- [DATA TO EXAMINE]
⟨

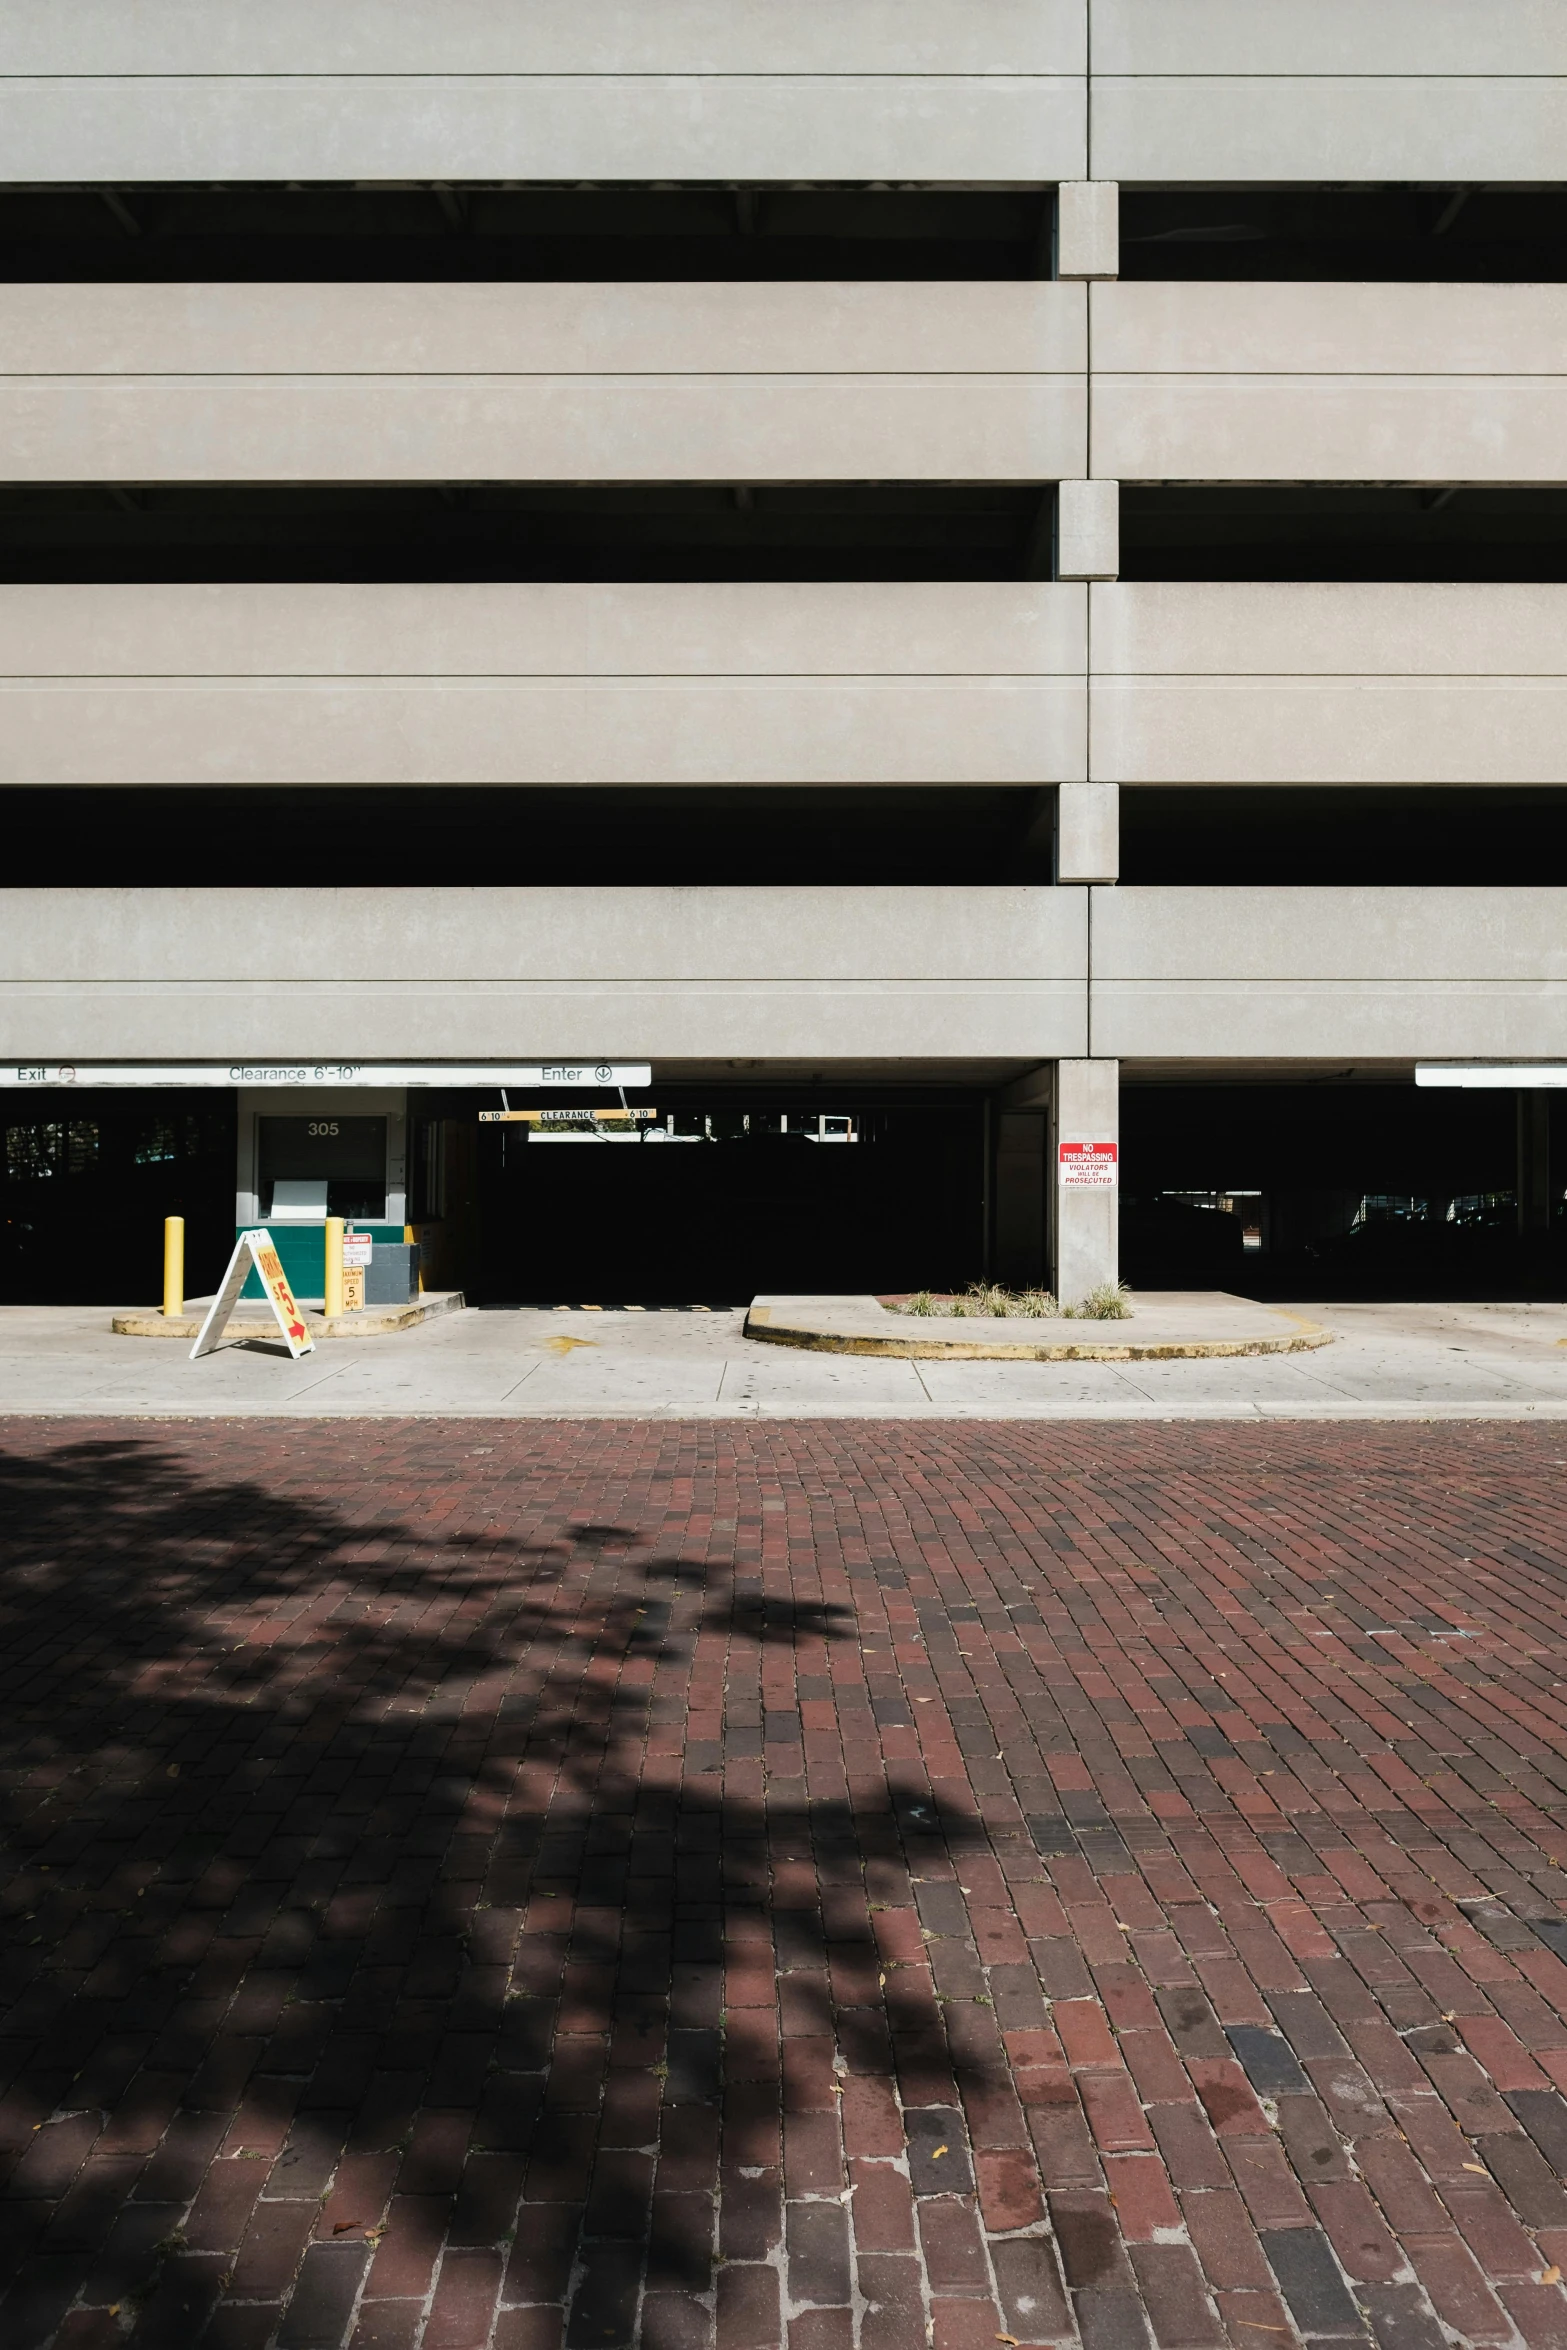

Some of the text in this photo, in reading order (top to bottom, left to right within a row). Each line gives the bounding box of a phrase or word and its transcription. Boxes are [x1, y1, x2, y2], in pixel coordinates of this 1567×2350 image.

[17, 1067, 47, 1081] Exit
[229, 1066, 306, 1080] Clearance
[541, 1066, 583, 1081] Enter
[540, 1110, 595, 1119] CLEARANCE
[308, 1122, 339, 1136] 305
[1082, 1143, 1094, 1152] NO
[1063, 1152, 1113, 1162] TRESPASSING
[348, 1286, 355, 1298] 5
[345, 1299, 358, 1307] MPH

⟩

- [INSTRUCTIONS TO FOLLOW] Excluding the images, return each record above precisely as written.

- [EXERCISE RESPONSE]
Some of the text in this photo, in reading order (top to bottom, left to right within a row). Each line gives the bounding box of a phrase or word and its transcription. Boxes are [x1, y1, x2, y2], in pixel coordinates of this 1567×2350 image.

[17, 1067, 47, 1081] Exit
[229, 1066, 306, 1080] Clearance
[541, 1066, 583, 1081] Enter
[540, 1110, 595, 1119] CLEARANCE
[308, 1122, 339, 1136] 305
[1082, 1143, 1094, 1152] NO
[1063, 1152, 1113, 1162] TRESPASSING
[348, 1286, 355, 1298] 5
[345, 1299, 358, 1307] MPH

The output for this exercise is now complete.